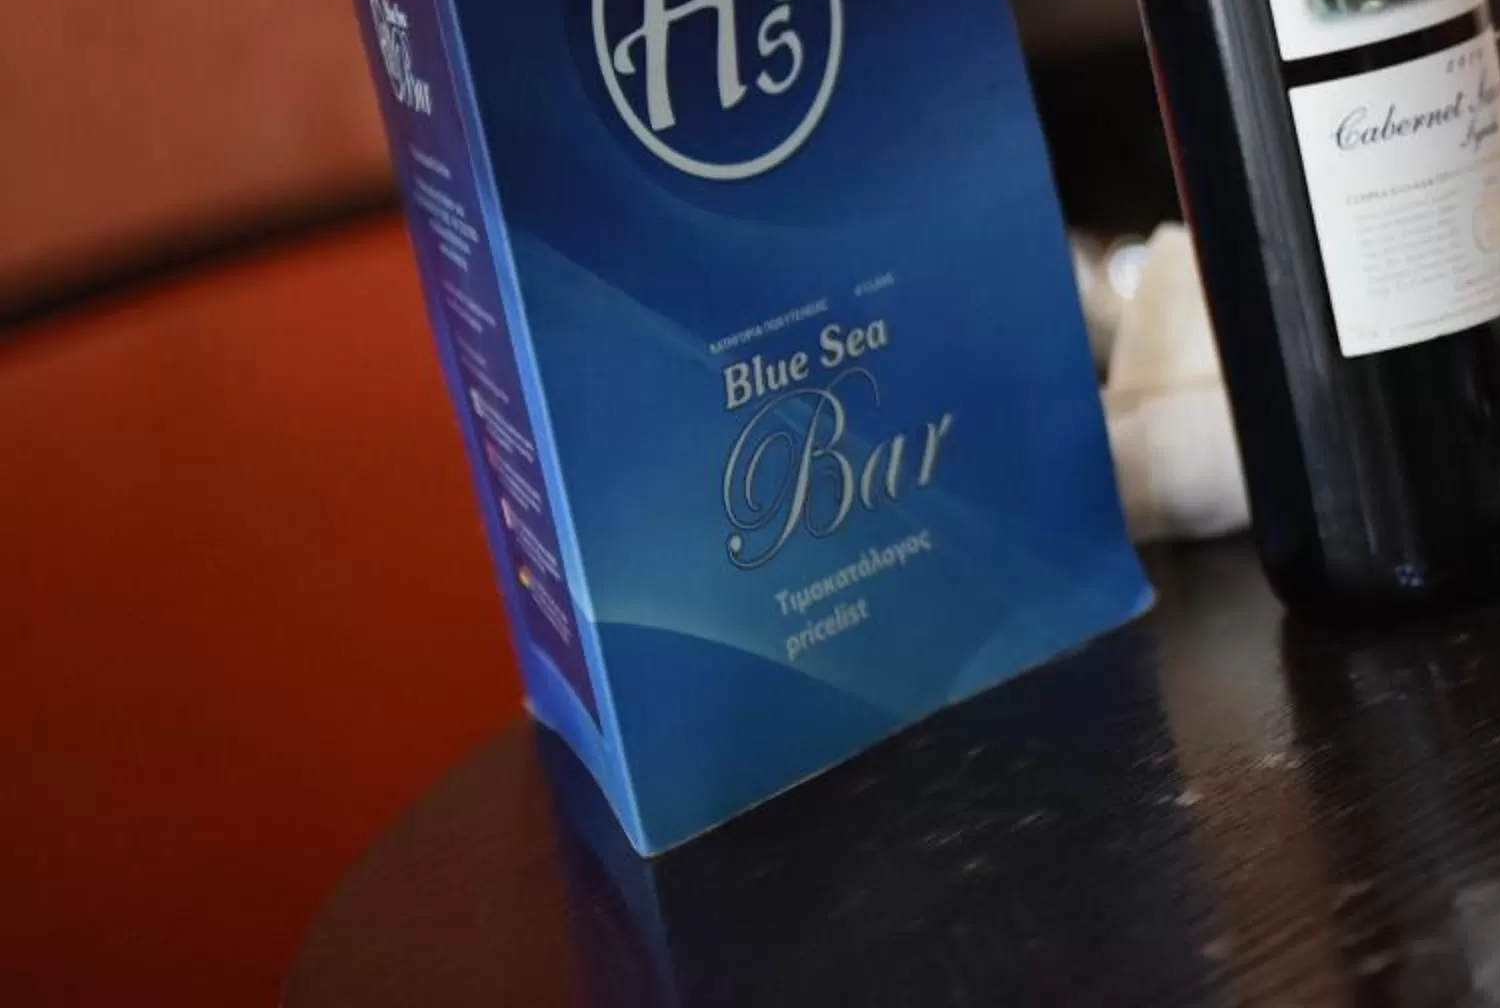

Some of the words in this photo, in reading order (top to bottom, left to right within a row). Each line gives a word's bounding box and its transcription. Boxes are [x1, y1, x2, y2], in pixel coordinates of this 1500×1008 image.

[1333, 90, 1464, 152] Cabernet
[723, 350, 809, 410] Blue
[819, 317, 889, 369] Sea
[723, 366, 954, 571] Bar
[774, 529, 932, 617] Τιμοκατάλογος
[785, 597, 870, 661] pricelist

+++++

• [Activity] Quote the records in full and exactly; skip any image.

• [Written answer]
Some of the words in this photo, in reading order (top to bottom, left to right within a row). Each line gives a word's bounding box and its transcription. Boxes are [x1, y1, x2, y2], in pixel coordinates of this 1500×1008 image.

[1333, 90, 1464, 152] Cabernet
[723, 350, 809, 410] Blue
[819, 317, 889, 369] Sea
[723, 366, 954, 571] Bar
[774, 529, 932, 617] Τιμοκατάλογος
[785, 597, 870, 661] pricelist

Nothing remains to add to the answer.